UK household spending

Adam Palin

Adam Palin looked at UK household spending for 2013, split by disposable income quintile. It turns out that spending on some things is driven by income, but on others it is not.

The rich spend more than double what the poor do – 31% of spending is by the top fifth, while only 13% is by the bottom fifth.

  • But housing, including heat, light, water and communications, is fairly flat – £53bn (38%) for the poorest, £61bn (19%) for the richest.
    • Low earners renting privately around London often spend more than 50% of disposable income on housing costs.
  • Food (including alcohol and cigarettes, but excluding restaurants) is also “income inelastic”. The poor spending 15% of discretionary income here, the rich 11%.
  • Education spending appears to be concentrated amongst the poor, but that is an artefact of students living together in shared houses of low earners.

UK household spending

Which leaves recreation (including restaurants and hotels), “miscellaneous” and travel – the “elastic” parts of spending.

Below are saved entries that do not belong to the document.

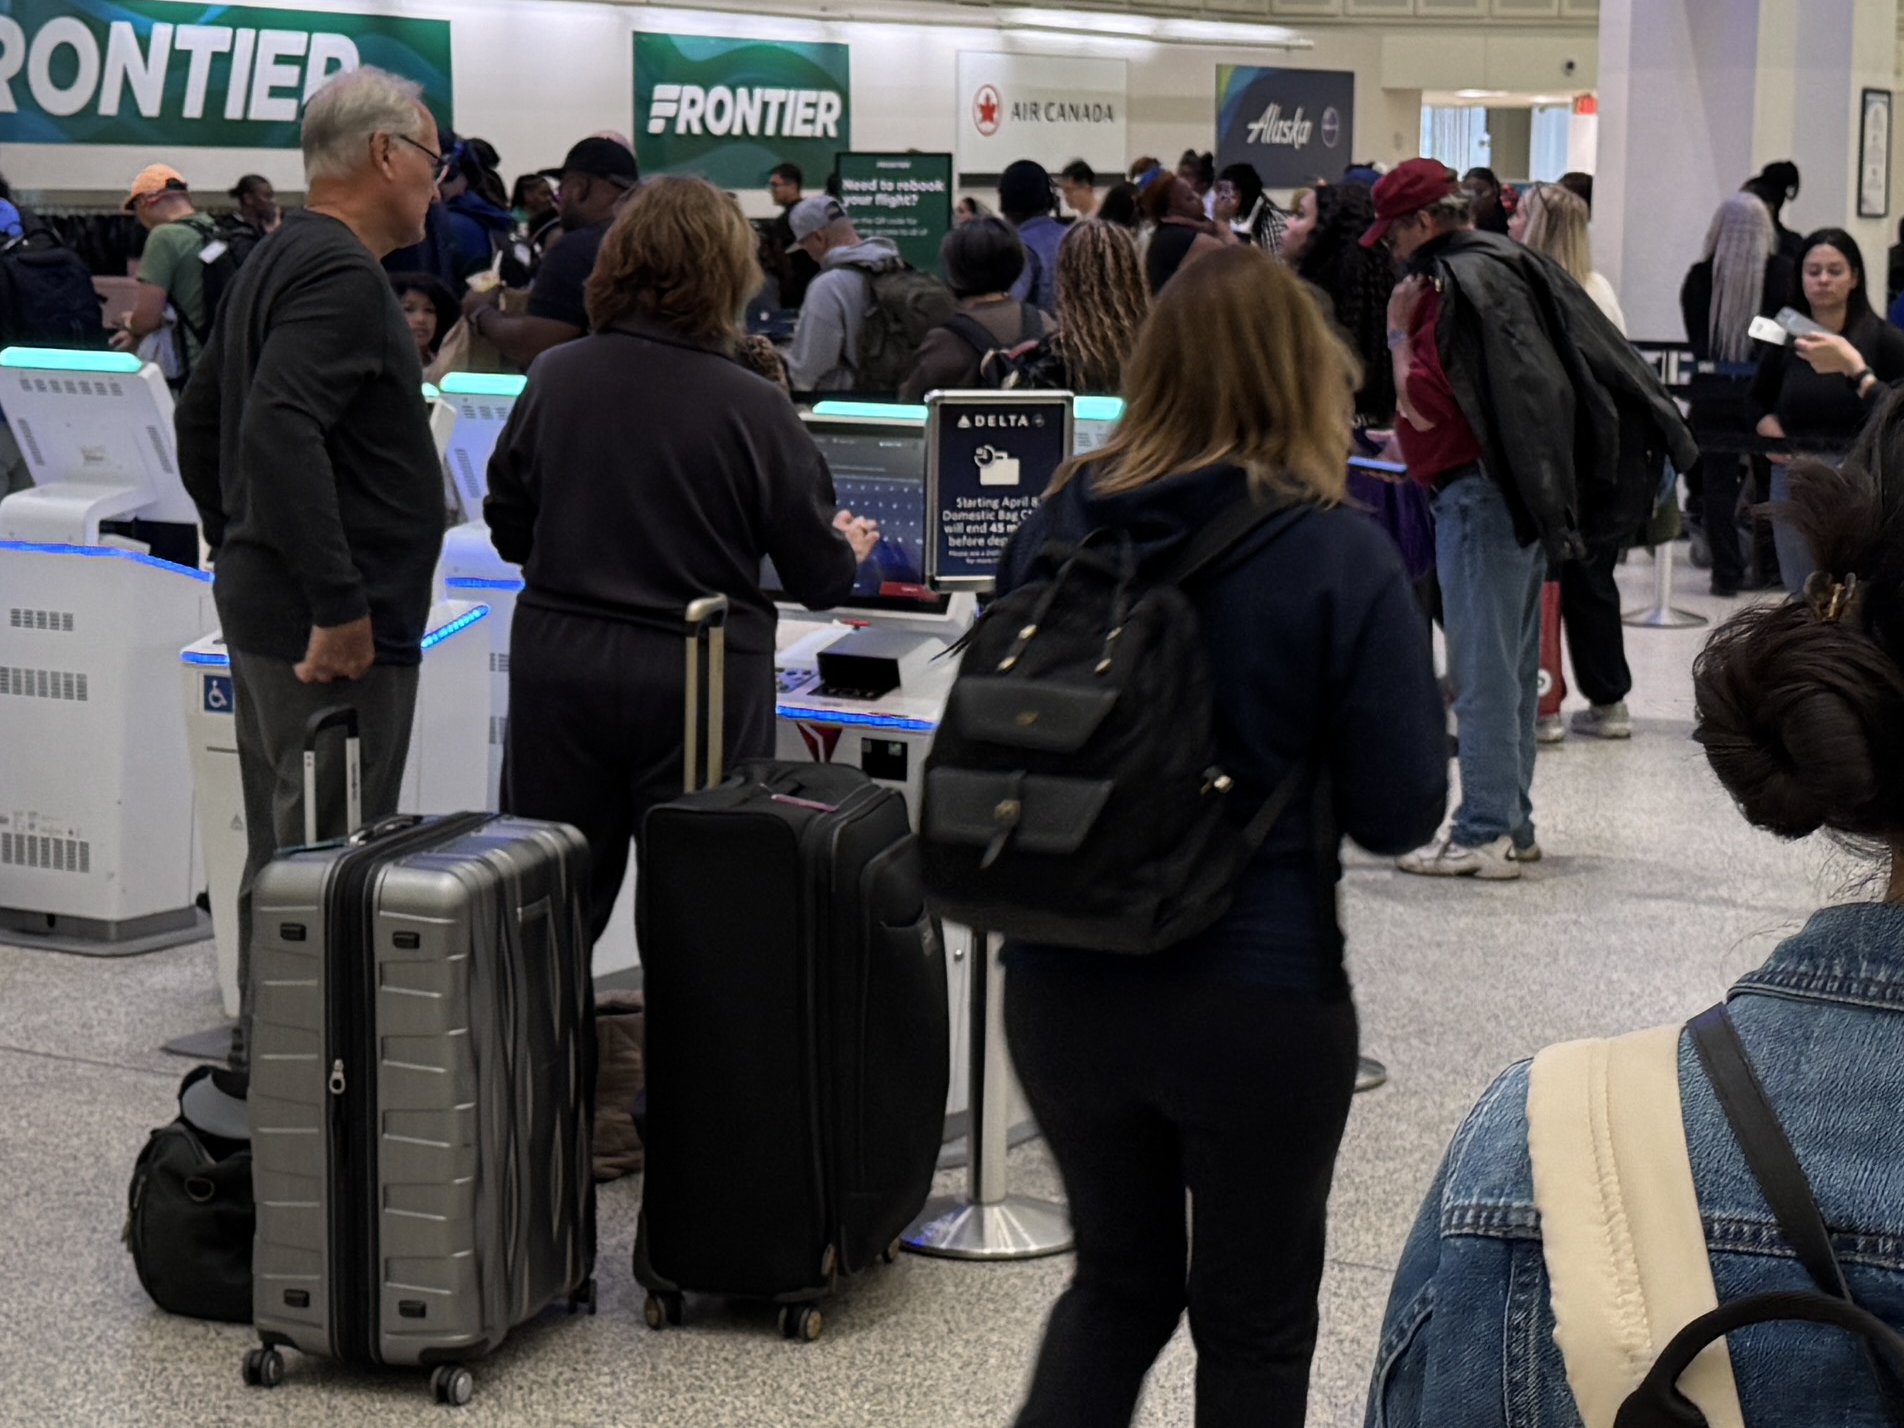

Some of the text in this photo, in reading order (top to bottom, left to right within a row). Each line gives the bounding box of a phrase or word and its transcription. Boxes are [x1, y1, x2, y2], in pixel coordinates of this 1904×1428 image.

[647, 83, 842, 139] FRONTIER
[1010, 100, 1115, 124] AIR CANADA
[1246, 101, 1313, 150] Alaska
[842, 179, 945, 192] Need to rebook
[842, 194, 919, 209] your flight?
[975, 415, 1029, 427] DELTA
[956, 496, 1029, 510] Starting April
[942, 510, 1018, 522] Domestic Bag
[944, 523, 1004, 534] will end 45
[948, 536, 985, 547] before
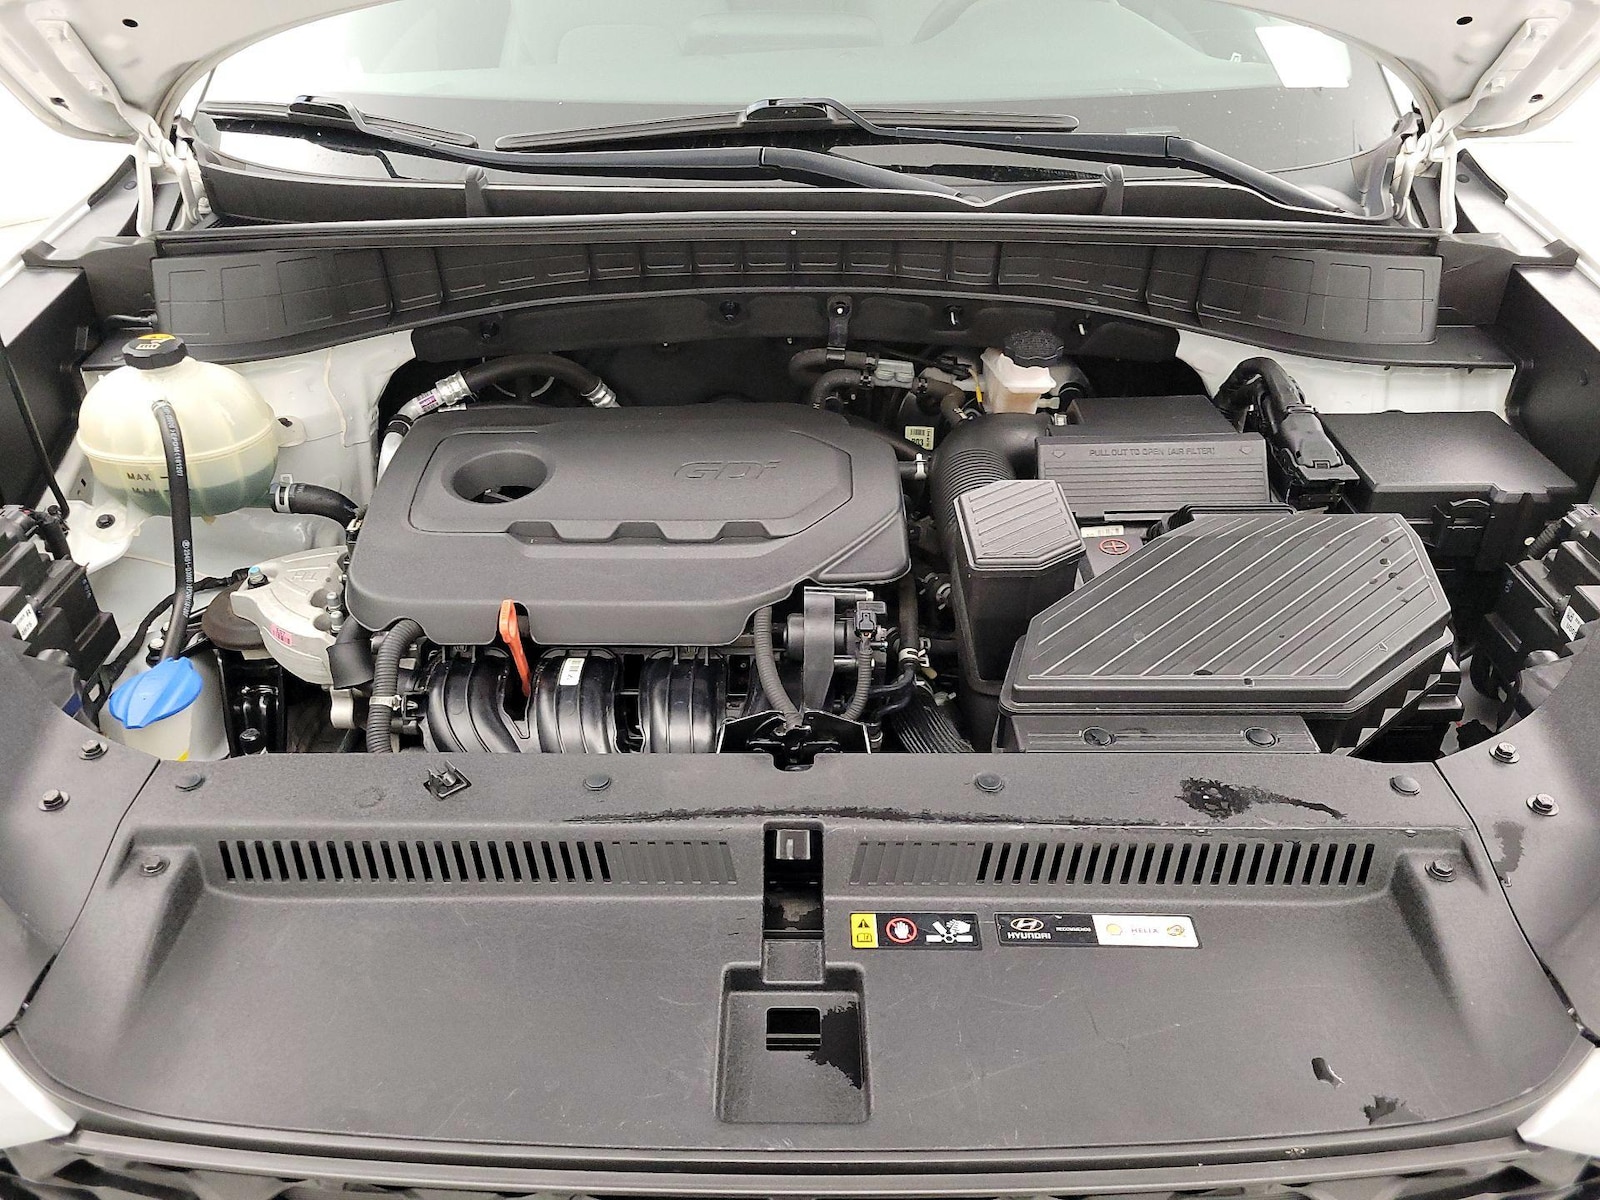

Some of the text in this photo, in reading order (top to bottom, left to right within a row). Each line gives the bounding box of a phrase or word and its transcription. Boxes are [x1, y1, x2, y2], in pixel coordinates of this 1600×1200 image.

[1089, 449, 1110, 457] PULL
[1111, 448, 1129, 456] OUT
[1130, 448, 1140, 456] TO
[1142, 448, 1164, 456] OPEN
[126, 472, 152, 481] MAX
[1007, 932, 1052, 940] HYUNDAI
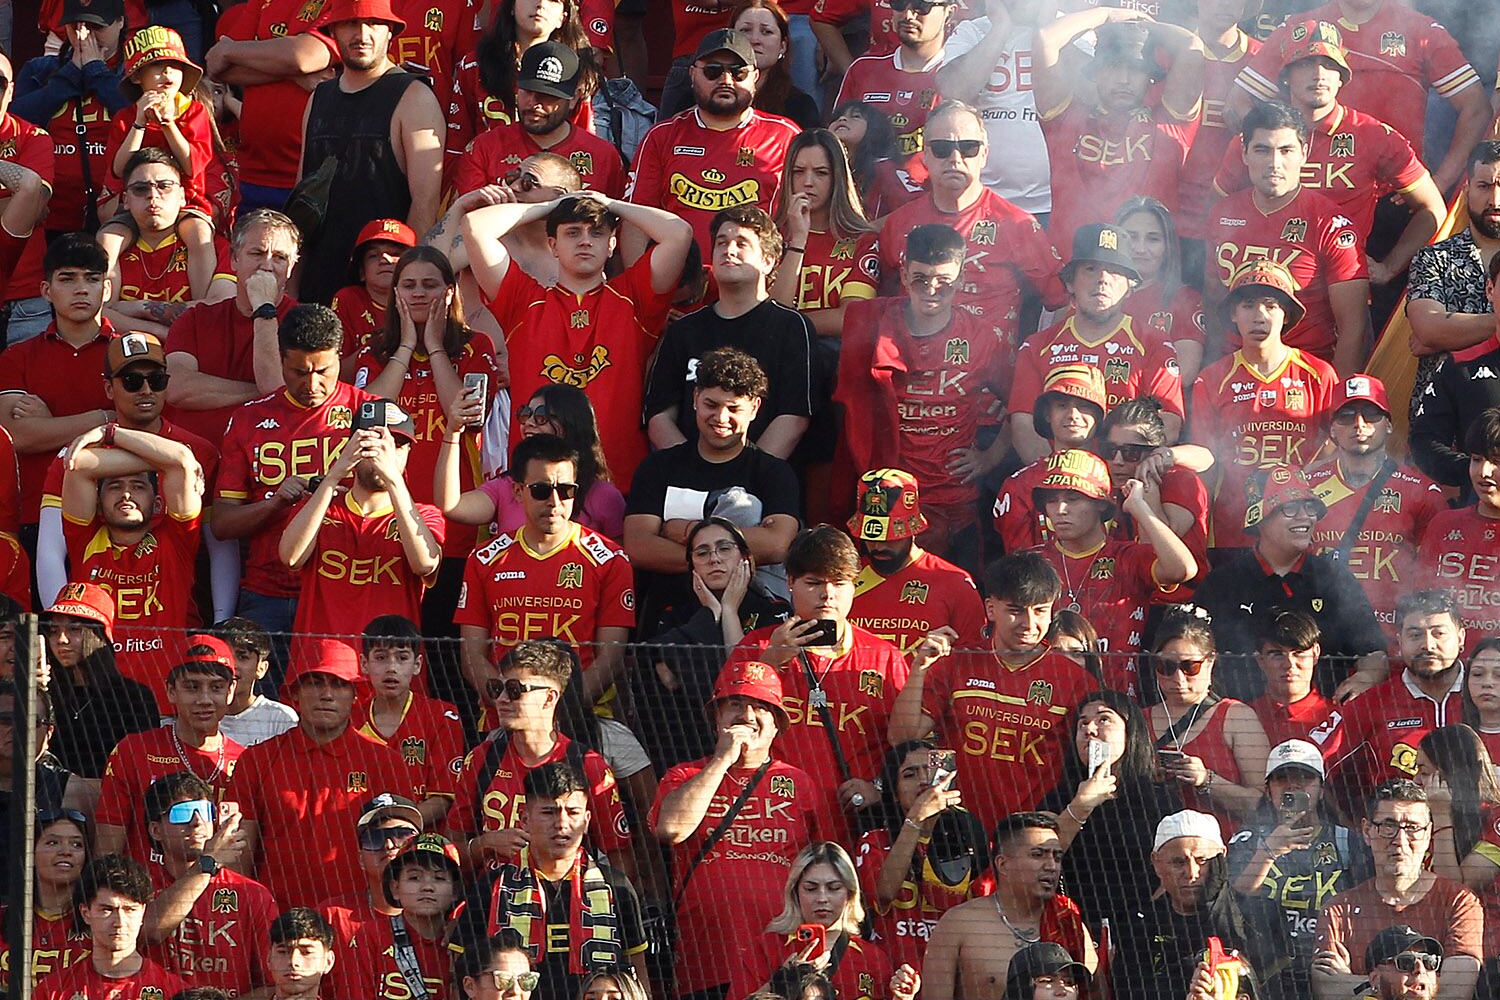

  • Forty percent of the £206 bn spent on recreation came from the richest fifth, with only 9% from the poorest fifth.
  • Miscellaneous includes health and education, plus things like insurance.
  • The rich spent four times as much as the poor on travel (including running a private vehicle).

So not too many shocks there.

Lord Lee

Claer Barrett

Claer Barrett chatted to Lord Lee, the UK’s first (public) “ISA millionaire“.

I’m sure many readers are familiar with Lord Lee’s story – he features in Free Capital, the book by Guy Thomas about a dozen successful UK investors, and writes an increasingly irregular column in the FT – but here’s a quick recap anyway.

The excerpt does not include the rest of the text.